Adolescence is a difficult time for many people. My intent is to facilitate a feeling of acceptance and normalcy in young adults. I believe people learn best through experience, and they can even learn through other people’s experiences. Thus, entertaining stories are a great catalyst for growth and why I chose this genre.
4. When did you know you wanted to be a writer?
I never really thought of myself as a writer, even today. I know it sounds weird, but I just want to create a place where people can go for help, adventure, and emotional journeys. Writing, to me, is an art where people can work magic with words. I feel my art is in the story. Although, I think I’m too hard on myself: I didn’t really appreciate my writing until I read an excerpt of my work on another site. Then I was like, wow, I wrote that?
5. What are your future goals? Can we expect more books?
I am working on about ten different stories at the moment. I piece them together in my mind until they are complete enough to start a treatment. I am always building them and have numerous treatments written down. I promised myself I would publish the second book to Scarlet Reign next year, which has been written and needs to be revised, but there are several more I can’t wait to complete. There are four books in this series, so we’ll see where it all goes, but first I must consider writing as a hobby because I have other responsibilities. I will do everything in my power to have one Scarlet Reign book come out every year. It shouldn’t be hard as the last two are compiled and ready to be written – but there may also be a spinoff. I have already put forth great effort to piece them together so that they connect as a complete story. Book one is filled with set-ups that are imperative to the other seven (yes, seven) books.
6. What advice do you have for aspiring authors?
Do not quit, and do not stress about it. Advice I still need to follow. I have walked away from writing and come back so many times, but I just keep getting better. This story was actually written about five years ago, but it is now just coming out in its final version. Also, I wrote another book before this one but was frustrated when a similar story came out before I published it, even though it was about four years in the making. Maybe it wasn’t meant to be. I think my stories get better each time anyway.
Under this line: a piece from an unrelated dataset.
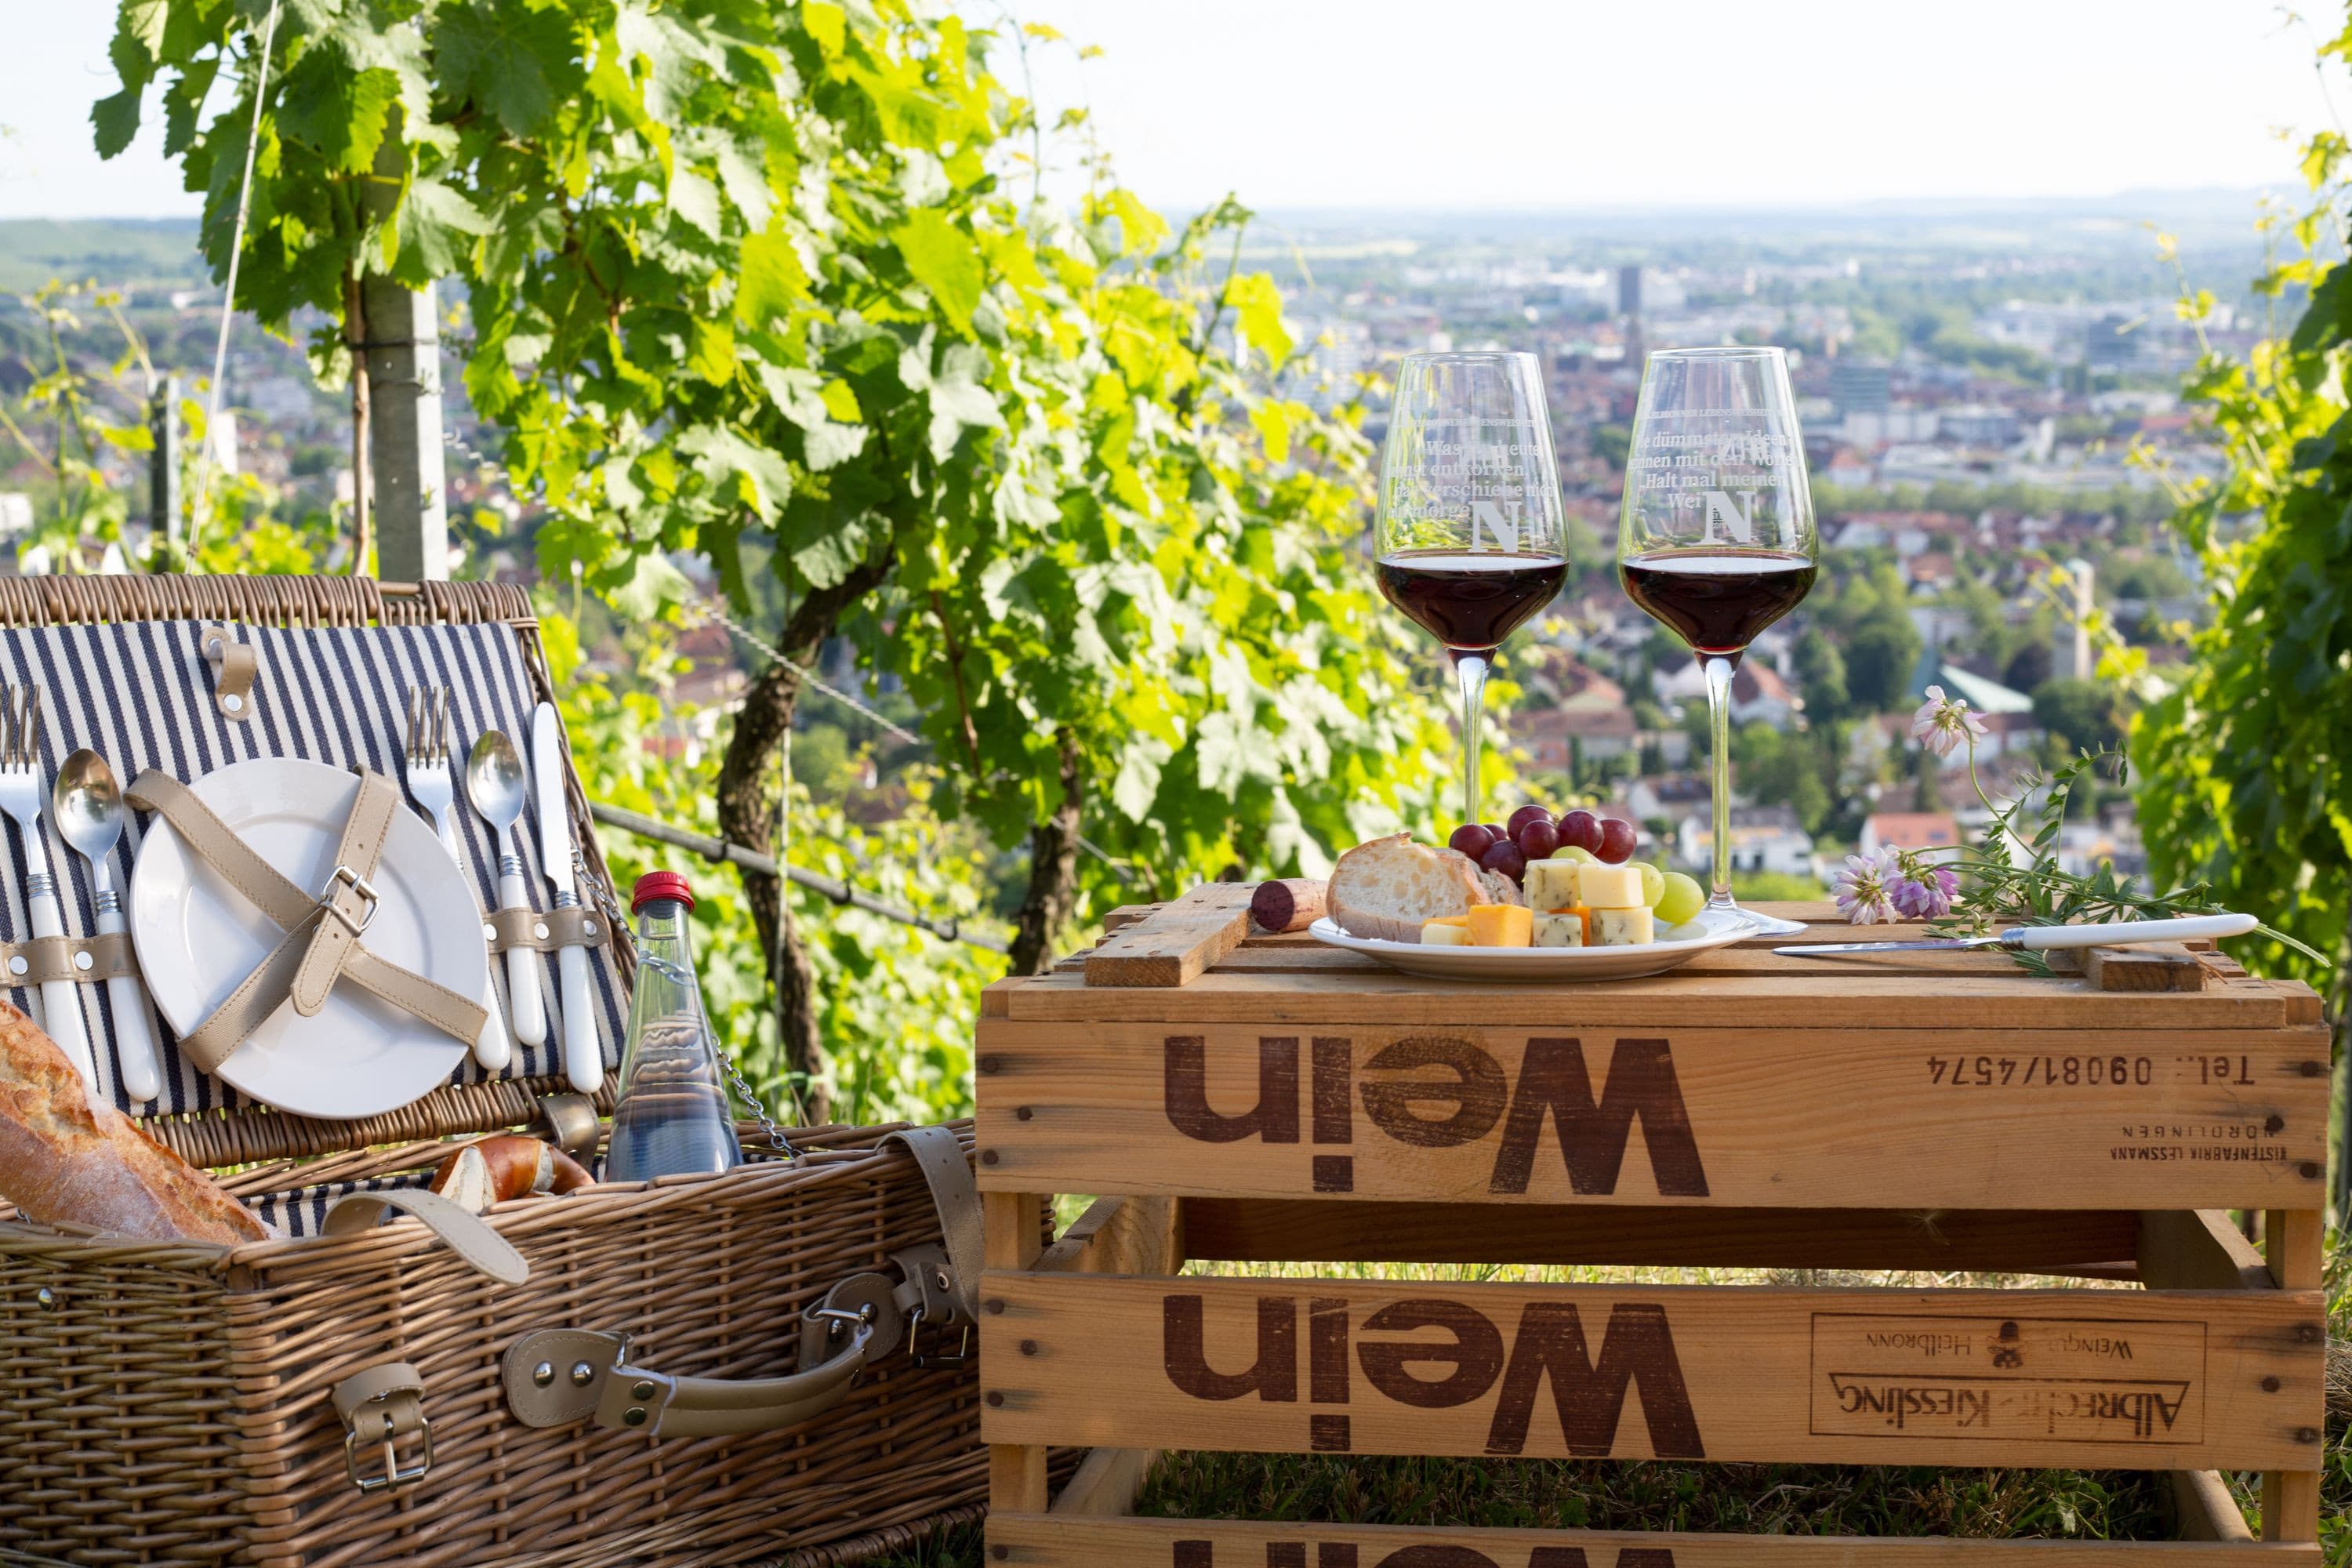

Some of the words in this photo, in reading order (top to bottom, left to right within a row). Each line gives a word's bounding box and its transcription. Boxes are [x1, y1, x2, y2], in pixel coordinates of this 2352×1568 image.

R.D. Crist is a psychotherapist who generates creativity via long walks and majestic views of nature. True inspiration to write, however, derives from personal hardships that have sparked a desire to help others manage life’s various struggles.
Although R.D. Crist has only released one book, three have been written and several more begun, which span a variety of genres. The focus of these stories are intended to center on Crist’s favorite dynamics of a story – personal conflict, relationship development, inner growth, and social revelation. Each story is created with a greater purpose to stimulate a person to reflect on common challenges, be they personal, interactive, or in principle.
Childhood influences include Ray Bradbury stories and character conflict movies like Twelve Angry Men.
Socializing, listening to people’s stories, spending time with family, and relentlessly exercising (as if those last ten pounds cared) are some of Crist’s favorite ways to pass the day.